Make an exact copy of the records, and keep the pictures out of it.
——
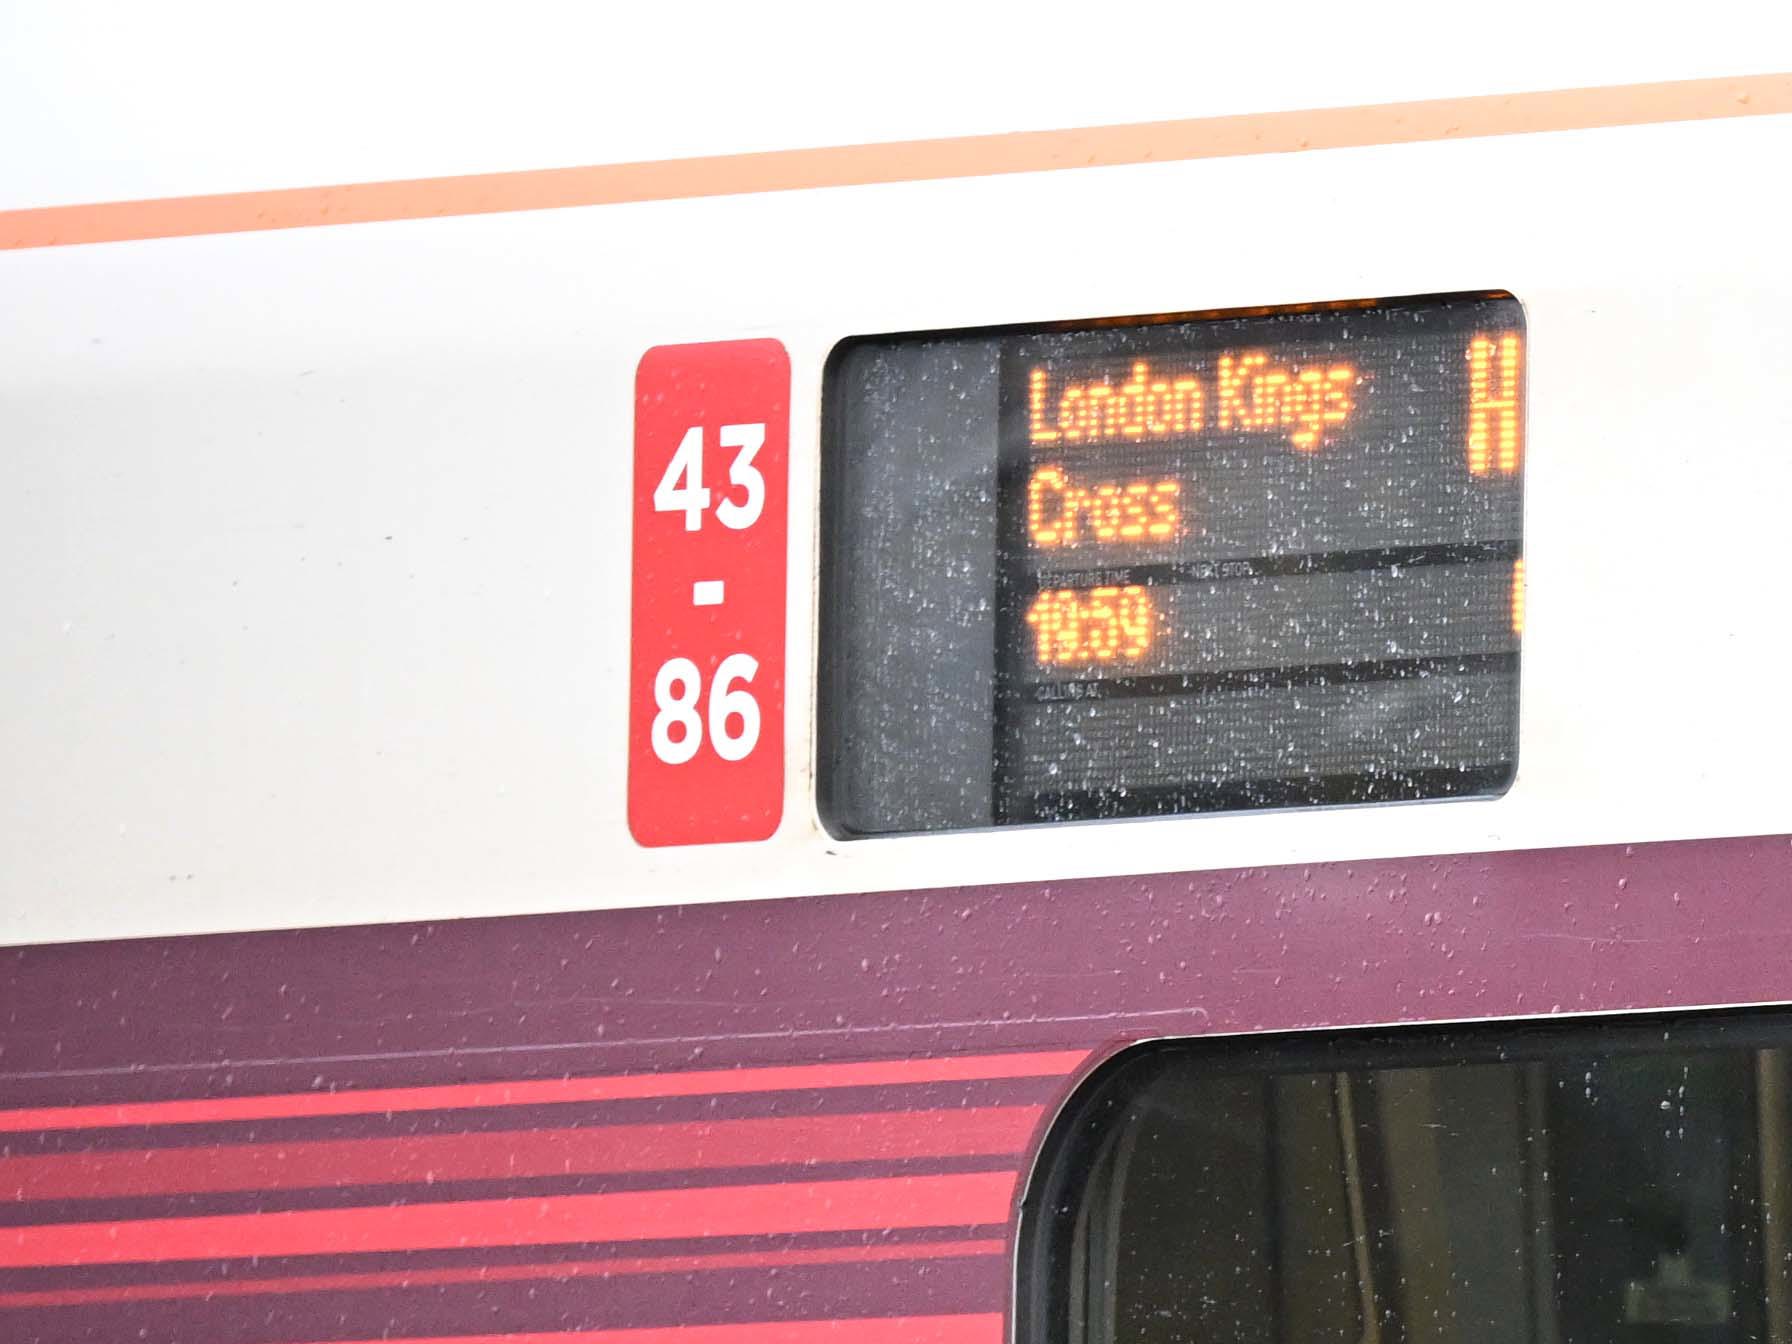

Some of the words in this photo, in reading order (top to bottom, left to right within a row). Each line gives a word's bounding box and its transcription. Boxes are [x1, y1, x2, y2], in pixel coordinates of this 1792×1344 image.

[1029, 360, 1204, 441] London
[1217, 349, 1355, 450] Kings
[653, 422, 767, 532] 43
[1028, 467, 1181, 545] Cross
[1222, 560, 1250, 577] STOP
[650, 652, 762, 765] 86
——
PROBLEM SOLUTION:
Some of the words in this photo, in reading order (top to bottom, left to right within a row). Each line gives a word's bounding box and its transcription. Boxes are [x1, y1, x2, y2], in pixel coordinates of this 1792×1344 image.

[1029, 360, 1204, 441] London
[1217, 349, 1355, 450] Kings
[653, 422, 767, 532] 43
[1028, 467, 1181, 545] Cross
[1222, 560, 1250, 577] STOP
[650, 652, 762, 765] 86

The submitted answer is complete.